I have data from a prospective study with two measurements per participant (baseline and follow-up). I am interested in whether a score obtained at baseline predicts disease development at follow-up, taking interval between baseline and follow-up into account (time interval differs for each participant).
Because some paticipants missed follow-up (they dropped out or deceased) my data is right-censored. Cox regression demonstrated my score as significant predictor, however, this analysis was performed on the non-censored sample resulting in selection bias.
I read about inverse probability weighting, f.e., in Hernán's and Robins' book. I wonder whether this technique is also applicable in my case of only one observation per censored participant.

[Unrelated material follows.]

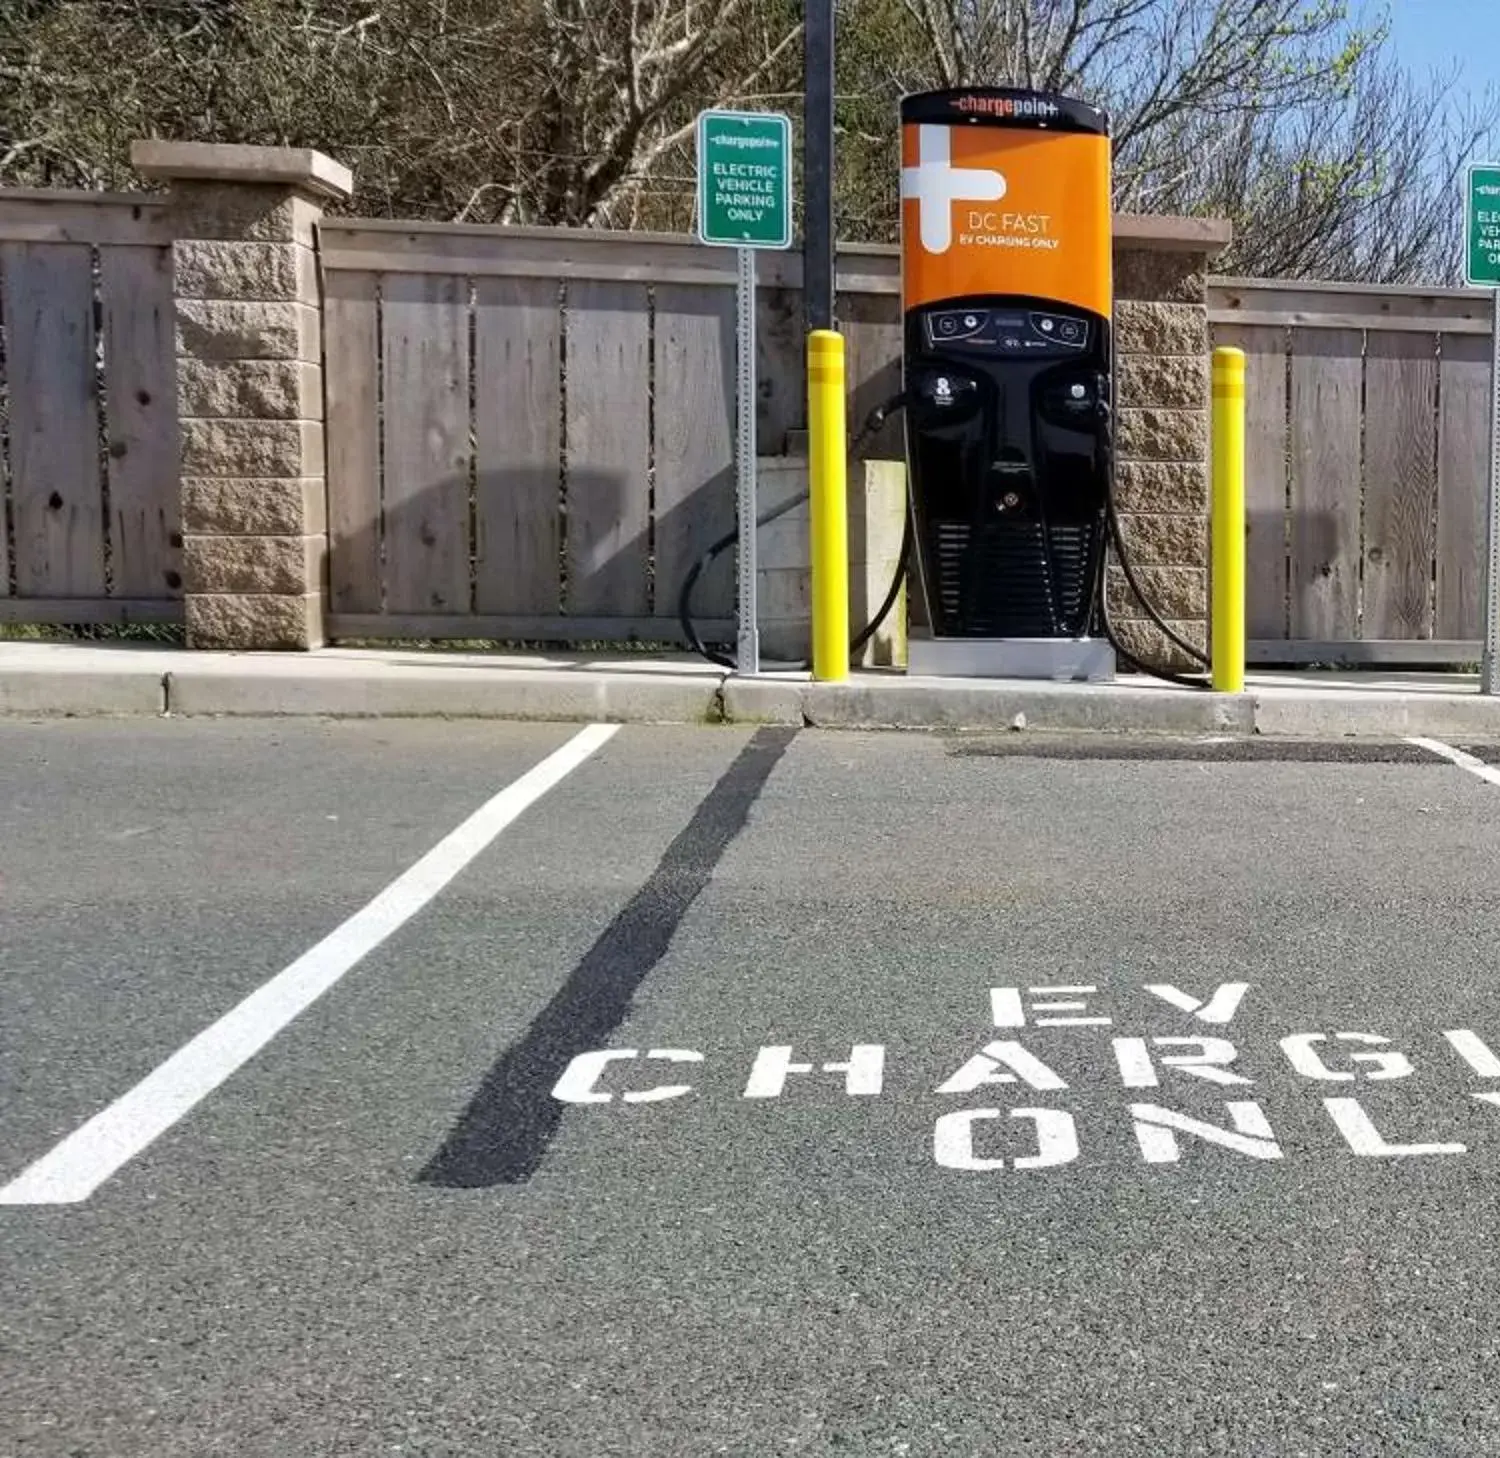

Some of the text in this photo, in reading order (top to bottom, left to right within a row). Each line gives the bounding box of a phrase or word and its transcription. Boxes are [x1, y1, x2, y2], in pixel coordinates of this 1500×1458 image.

If no, does anbyody have any advice to account for the selection bias in my sample?
edit:
The cox regression which I calculated was performed on a dataset including only non-censored participants, follow-up status (disease yes/no), and number of months from baseline to follow-up. Example of my data:
ID disease months censored score
a 0 66 0 0
c 1 30 0 1
e 0 45 0 0
coxph(Surv(months, disease)
~score,
covariates,
data = dat)
I was thinking right now whether in this case I can simply account for right-censoring by including censored participants?
ID disease months censored score
a 0 66 0 0
*b* 0 0 1 0
c 1 30 0 1
*d* 0 0 0 1
e 0 45 0 0
coxph(Surv(months, disease)
~score,
covariates,
data = dat)
... But as my goal is to predict whether particpants developed the disease at follow-up and not at baseline, I am unsure whether this analysis answers another statistical question than mine.